NO MORE ALL CAPS and other pleasures of Visual Studio 14
Unpicking a packed preview that breaks down ASP.NET
.NET Framework broken up, repackaged
There are big changes elsewhere, though. The most notable is in ASP.NET vNext – the actual codename for this release.
Microsoft has come up with a “cloud-optimized” subset of the .NET Framework, which means you can deploy an ASP.NET application with just 11MB of framework instead of 200MB. There is also an increased focus on Nuget, a package manager and repository for .NET libraries. This is already the preferred method for adding support for a particular library to an application. Instead of downloading a library and importing the assemblies, you use either the Nuget command line or GUI manager to search and add the packages you need.

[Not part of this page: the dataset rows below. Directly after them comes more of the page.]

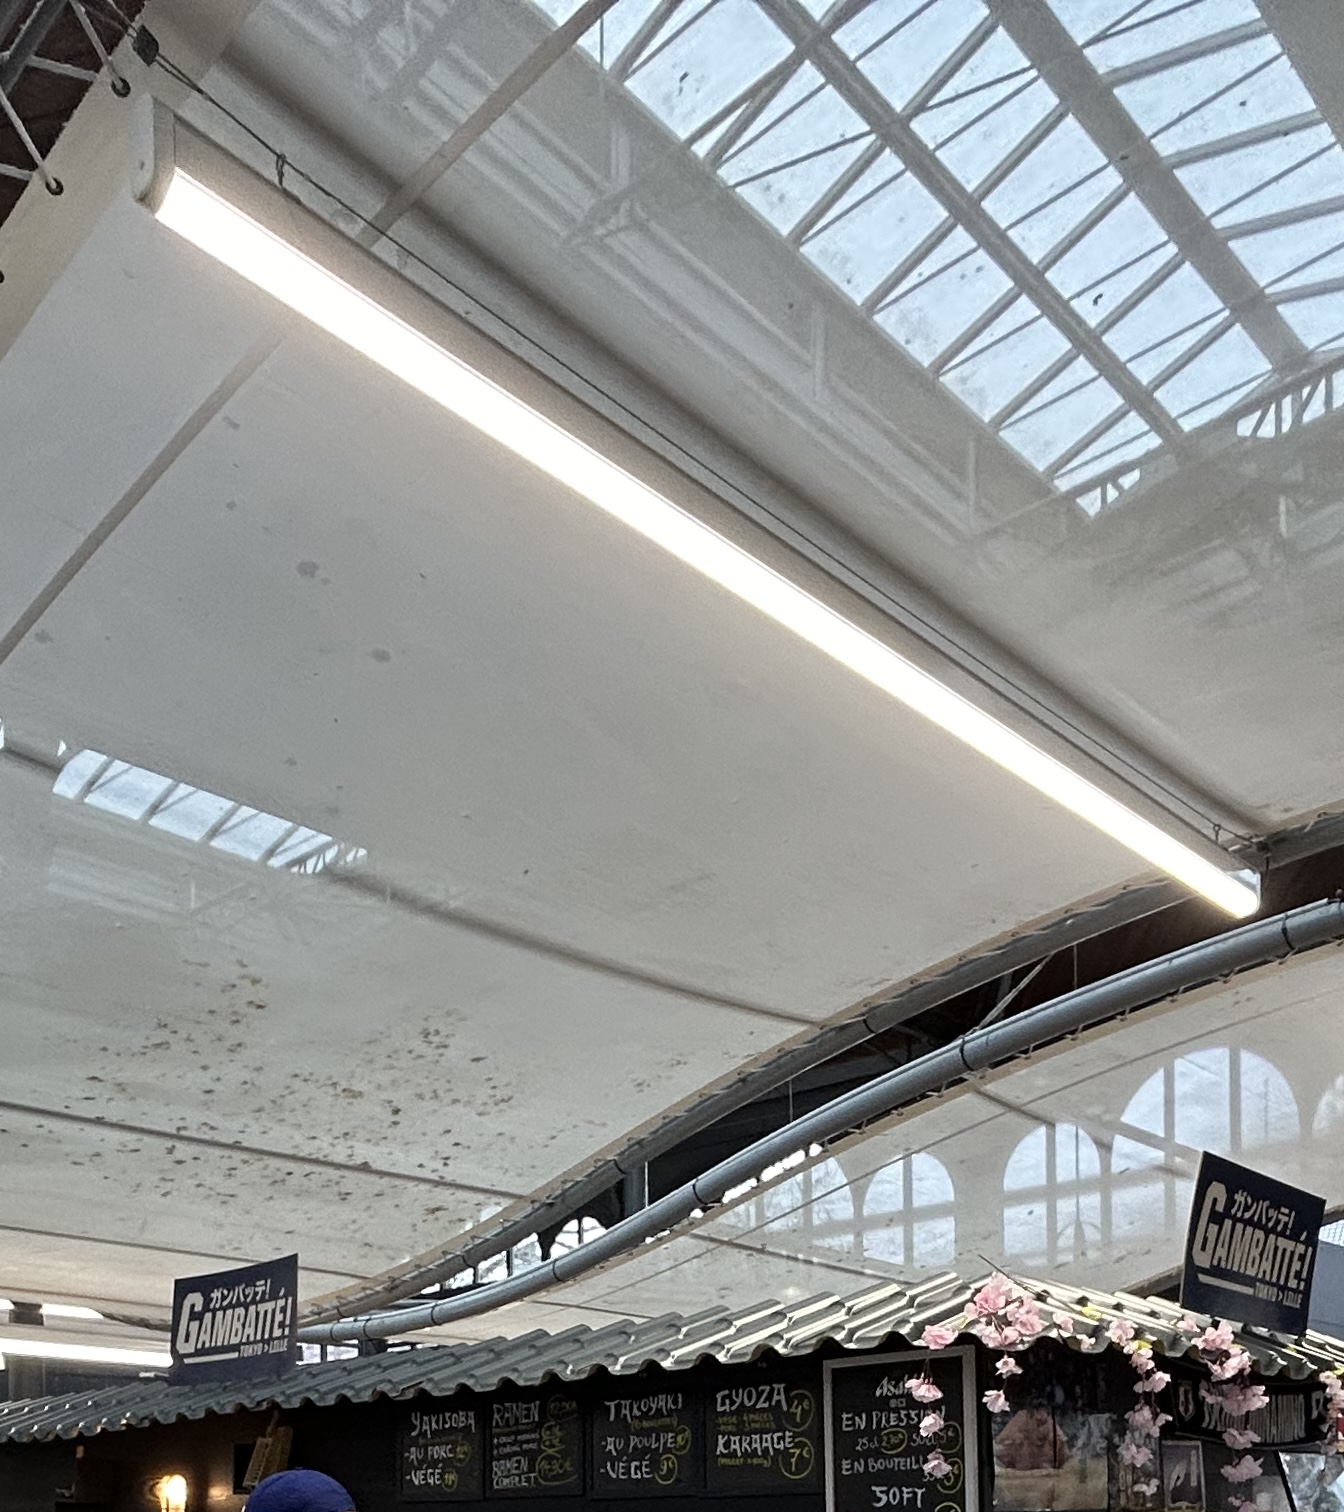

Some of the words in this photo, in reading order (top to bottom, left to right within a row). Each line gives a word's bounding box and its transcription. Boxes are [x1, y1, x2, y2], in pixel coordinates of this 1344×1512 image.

[1192, 1181, 1313, 1291] GAMBATTÉ!
[176, 1287, 293, 1355] GAMBATTÉ!
[604, 1393, 683, 1424] TAKOYAKI
[715, 1383, 788, 1412] GYOZA
[411, 1410, 476, 1438] YAKISOBA
[492, 1401, 540, 1428] RAMEN
[841, 1411, 867, 1431] EN
[872, 1405, 946, 1430] PRESSIN
[715, 1430, 795, 1457] KARAAGE
[841, 1457, 865, 1476] EN
[870, 1485, 926, 1509] SOFT

In ASP.NET vNext, you add Nuget packages rather than references. In fact, the .NET Framework itself has been broken down into packages, so Microsoft can update each part independently. You can deploy the framework with your application, which means they are no longer dependent on whichever version is installed on the server. One of the stated advantages is that developers can use an updated framework without badgering system administrators to update IIS (Microsoft’s web server). You can also have applications running side by side and using different versions.
Another key change is that you can deploy an ASP.NET vNext application without a web server, a technique called self-hosting.
ASP.NET vNext merges Web Pages, MVC (the newer model-view-controller framework) and the Web API (for creating an API service) into one framework. You add packages to support the features you need.
Mixed case is back in Visual Studio menus
Roslyn has a role in ASP.NET vNext too, supporting dynamic compilation. In the right circumstances, you can amend a line of code, press Ctrl-F5 to refresh the browser, and have the changed code compiled and served to the browser automatically. “In the right circumstances” does not include debugging, thanks to debugger limitations. The thinking here is that this will be a great way to support online editing in a tool like Visual Studio Online.
ASP.NET vNext is also designed to support Mono, the open source implementation that runs on Linux. According to Microsoft’s Scott Hanselman:
“ASP.NET vNext (and Rosyln) runs on Mono, on both Mac and Linux today. While Mono isn't a project from Microsoft, we'll collaborate with the Mono team, plus Mono will be added to our test matrix. It's our aspiration that it just works.”
The principles behind ASP.NET MVC are a far cry from the old Web Forms, which sought to make web development more like desktop development by automatically managing state. The technique was smart but brought with it overheads like hidden ViewState variables, a complex page lifecycle, and an imperfect abstraction that could cause more problems than it solved. ASP.NET MVC is leaner, does a better job of separating business logic from presentation code, and easier to secure.
There are breaking changes in ASP.NET vNext. For example, the HTTPContext object has been slimmed down, apparently to be 2KB typically rather than 30KB.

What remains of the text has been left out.